A few years ago, Porteous and Chris Johnson, then the Emergency Management Program manager at Virginia Mason in Seattle, carefully examined all of the power-dependent elements of their hospital in preparation for planned electrical upgrades, which could have compromised their generator. “We looked at every piece of medical equipment, and asked if it had a battery, and how long did it last,” says Johnson, who is now the director of safety, security, and emergency management at Valley Medical Center in Washington state. They looked at the elevators as well and realized it would be nearly impossible to move critically ill patients without them. “We had to have a plan for how to keep them in place.” 

“it is difficult to get people to drill, and plan for the ‘what if,’ even though the ‘what if’ is inevitable.”

“A ton of work went into doing that, to make sure we were prepared to handle any power failure,” Johnson says. It took support from hospital leadership to conduct such an extensive evaluation, which is not guaranteed everywhere, he says.

“There are people who pay more attention, and are champions for preparedness,” Koenig says. “But it is difficult to get people to drill, and plan for the ‘what if,’ even though the ‘what if’ is inevitable. Doctors are so busy, day to day — to get a trauma surgeon down to play in a disaster drill is difficult.”

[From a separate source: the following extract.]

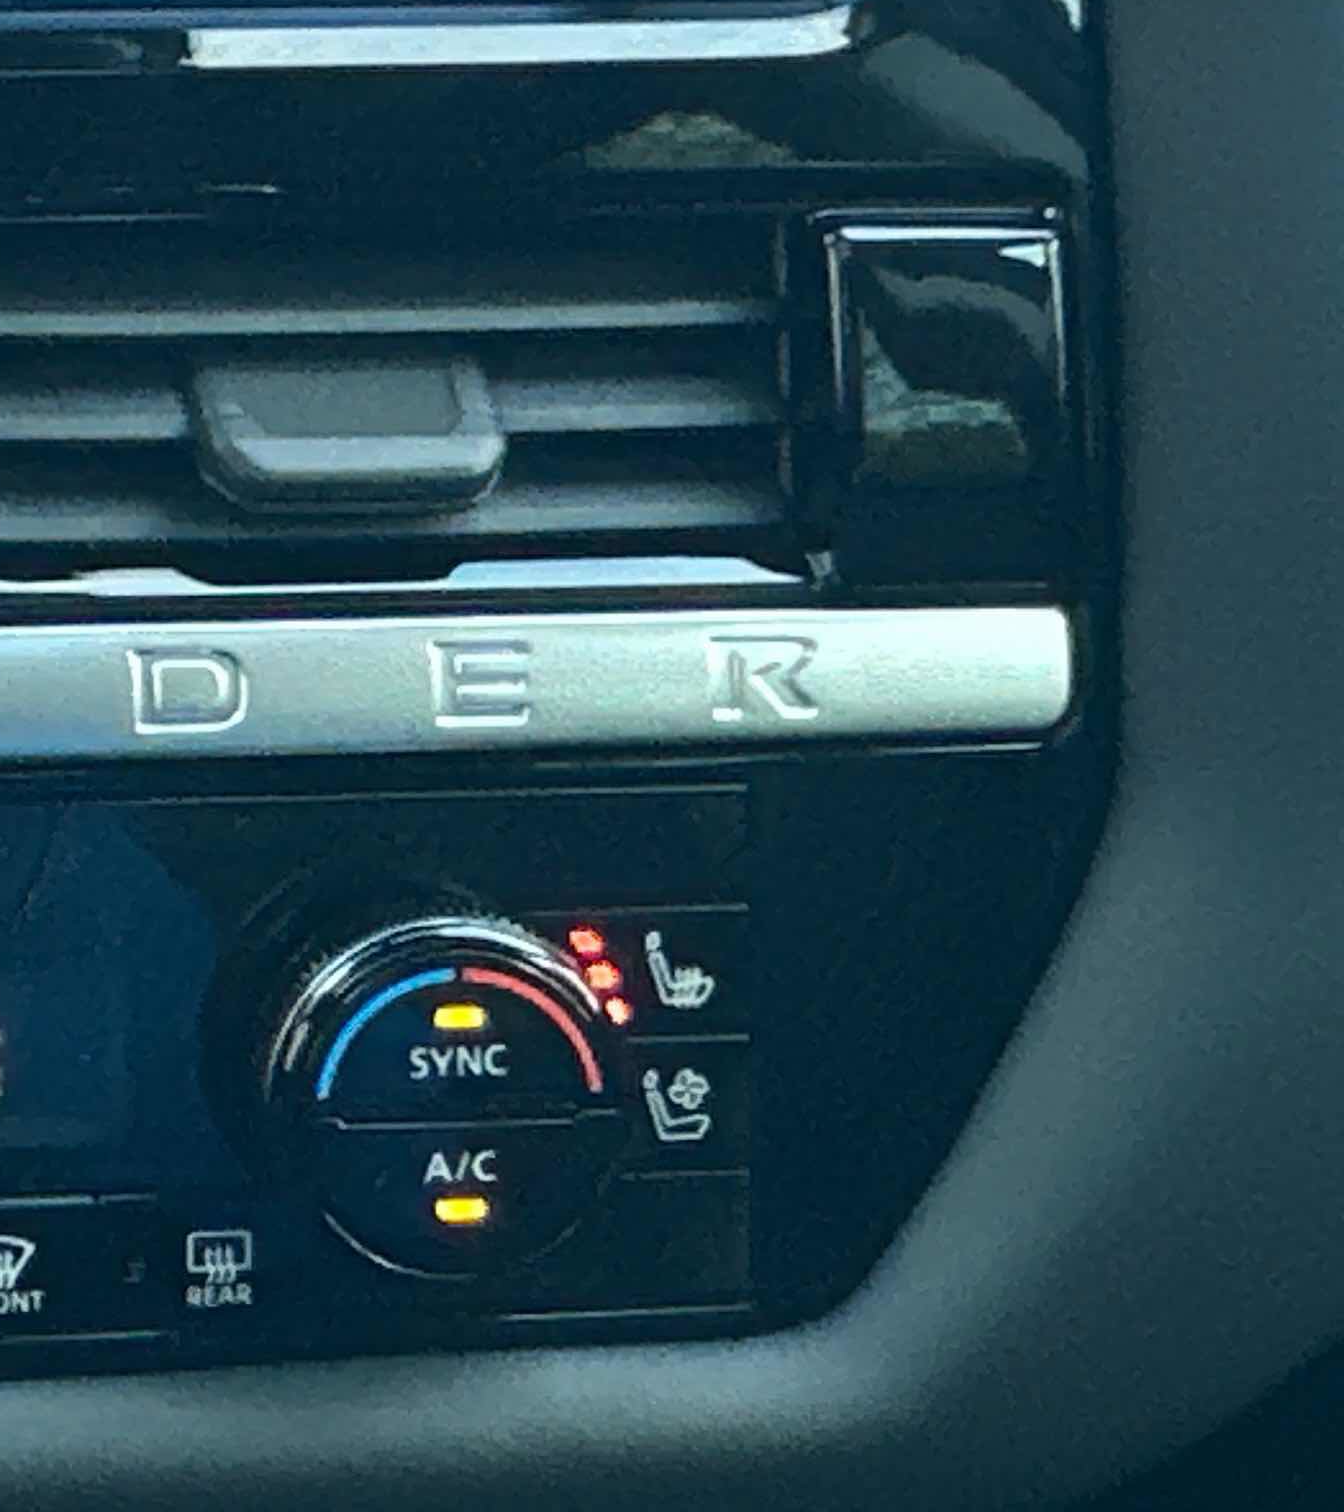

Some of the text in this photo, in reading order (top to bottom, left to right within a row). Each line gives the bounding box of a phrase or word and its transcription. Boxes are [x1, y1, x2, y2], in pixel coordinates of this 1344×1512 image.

[410, 1045, 510, 1078] SYNC
[423, 1150, 497, 1183] A/C
[186, 1283, 252, 1307] REAR

Porteous, who directs the anesthesiology residency program at Virginia Mason, runs simulations with residents that ask them to think about the best way to deliver care during a power outage. But most US doctors don’t train for that scenario. “In other parts of the world, power could go out multiple times a day,” she says. “That mindset is the opposite of medical care in the US.” 

Hospitals and health care systems in the US also run on razor-thin financial margins, and convincing decision-makers to invest in emergency preparedness can be challenging, Johnson says. New York City’s Bellevue Hospital, for example, moved its backup electrical systems to higher floors after Sandy. But those updates are expensive. Facilities might not have the resources to move generators, or they might not think redundant systems and backups are the best way to divvy up funding. “Unfortunately, with a lot of hospital administrators, there’s the feeling that they’ve never had a problem before, so why should they make a change. But then bad things happen.” 

Having power outages in the news regularly, though, helps make people more aware of the problem, Johnson says. When they happen, it’s an opportunity to show administrators why they should be investing in emergency preparedness measures. “We can say, oh, we saw something happen at a hospital in Missouri, what would we do in that situation?” 

“we want to be prepared for this to happen again. We know this could be the new normal.”

Preparedness for power outages caused by a hurricane and outages caused by intentional shutdowns, like those in California, need the same level of preparation, Koenig says. “It doesn’t make that much of a difference because you need to focus on patients, and the healthcare needs of patients.” 

John Muir Health is evaluating its response to the outage and determining what kind of changes it may need to make for the future, says Ben Drew, director of corporate communications. Winters Healthcare is doing the same: when the power came back, Kelsch headed to the store to pick up more emergency lighting and an additional generator. “It’s not that anything will happen this weekend, but we want to be prepared for this to happen again. We know this could be the new normal.”